Uncertainty hovers over American hospitals due to a changing health care landscape. How will value-based care and Medicare’s changes in payments actually play out in the marketplace? How will hospital’s balance sheet absorb changes such as bundled reimbursement?
These questions, added to typical organizational pressures, demand that health care systems create efficiencies in every way possible. A popular approach is through “shared services”: centralizing duplicative operations across the system to increase efficiencies, reduce costs, and establish system-wide consistency.
Many systems have already consolidated their accounting, finance, human resources/payroll, supply chain, etc. into centralized “back office operations.” However, in recent years we’ve noted two areas of significantly untapped opportunity for creating shared services in health care systems: marketing and philanthropy.
Promising prospects: marketing and philanthropy.
On the surface, each hospital in a health care system has its own unique local market and donor base. Yet a closer look typically reveals that all of a system’s hospitals promote similar ideas, concepts and services. Their marketers and fund raisers perform similar functions in each region, and each hospital seeks to solve similar challenges in order to reach communities and involve donors.
One Northwest health system we worked with, for example, had people in each region trying to develop an effective physician look-up and health assessment tools for their patients and communities—a four-fold duplication of effort. Another system had seven local foundations all soliciting donors independently, sometimes with conflicting events, funding opportunities, and messaging to the same donors.
Such overlap is inevitable and makes marketing and philanthropy groups ideal candidates for the many benefits of shared services environments. These include wiser resource use, more productive teams, cross-region compatibility of systems and info, and greater opportunity for cohesive, system-wide branding, market presence, and donor engagement.
Classic opportunities for shared marketing services include centralizing web analytics, metrics/measurement, branding, advertising, media buying and social media plans.
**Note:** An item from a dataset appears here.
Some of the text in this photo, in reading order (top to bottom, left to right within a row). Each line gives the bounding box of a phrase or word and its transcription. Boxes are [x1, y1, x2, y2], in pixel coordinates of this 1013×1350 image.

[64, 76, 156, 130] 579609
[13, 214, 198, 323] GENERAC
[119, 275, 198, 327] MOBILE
Local hospital foundations could consolidate donor bases, event coordination, marketing materials, grants programs and compliance, fiscal reporting, and training. There’s also lots of room for the two shared services groups to work together to support a system’s broader goals.
Change takes time, but the effort is worth it. When the above philanthropy organization centralized their basic fund raising tasks, tools and donor lists through shared services, they freed their local staff to focus on the heart of fund raising—cultivating donor relationships. Moreover, the entire health care system is now poised to convey a single “voice” to all donors, avoid duplicate requests for funding, expose high-yield, system-wide funding and grant opportunities, and reinvigorate their portfolio with new giving vehicles.
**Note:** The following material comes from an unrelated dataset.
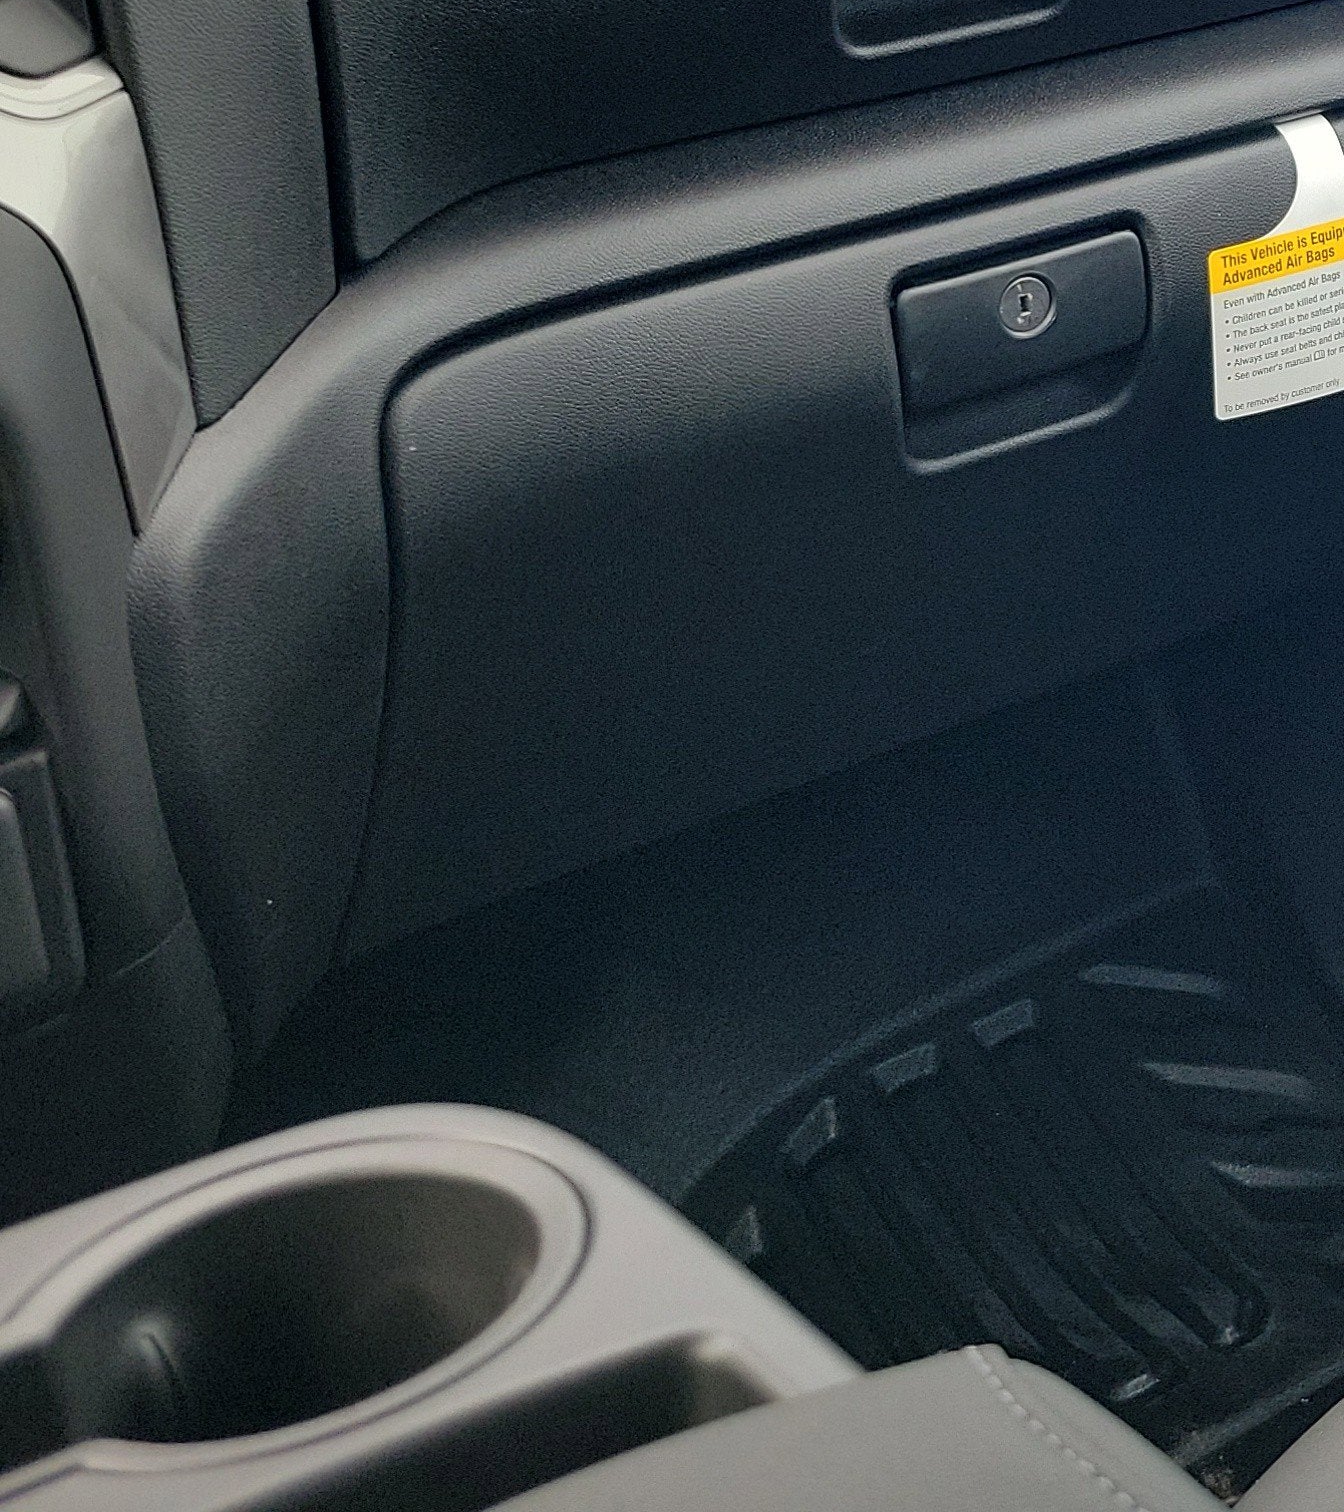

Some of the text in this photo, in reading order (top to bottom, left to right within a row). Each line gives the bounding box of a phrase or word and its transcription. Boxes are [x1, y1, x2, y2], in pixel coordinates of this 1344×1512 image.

Moving toward shared services.
When working to realize a shared service approach for your marketing and/or philanthropy group, consider these recommendations:
1. Before any change, assess each area that is a candidate for centralized services and build a business case for consolidation. For example, compare costs of centralized vs. decentralized expenditures, such media buying or internet hosting contracts for marketing consolidation, or a cross-regional resource for Website development (content, programming, coordination), to determine whether this kind of change provides sufficient value.
2. Obtain appropriate leadership buy-in for the change. During any centralization, managers gain or lose people and power. Well thought out plans can be completely sidelined without proper buy-in. You may need to engage in serious negotiation before you can get top leadership to approve your proposal. Some organizations are just not ready for change, or they are still adjusting to previous organizational changes.
3. Allow enough time and resources for transition, and plan thoroughly. Create a detailed roadmap and timeline to outline what is happening and when at every phase. Define who will lead the transition and who will carry it out. Set up a management committee to address interim and longer term decisions and hurdles. Implementation can take anywhere from 6-12 months and beyond.
The concept of “Great Stewardship of Resources” can no longer be just a bullet point in an annual report. Doing more with less is a way of life, and helping your marketing and philanthropy teams work smarter through shared services can trim waste out of your system.
Consolidating and sharing marketing and/or philanthropy services can free up employee time and operating dollars at the hospital level, letting you redeploy these resources where they can make a real difference—in great patient experiences, high quality care, and sound community health initiatives.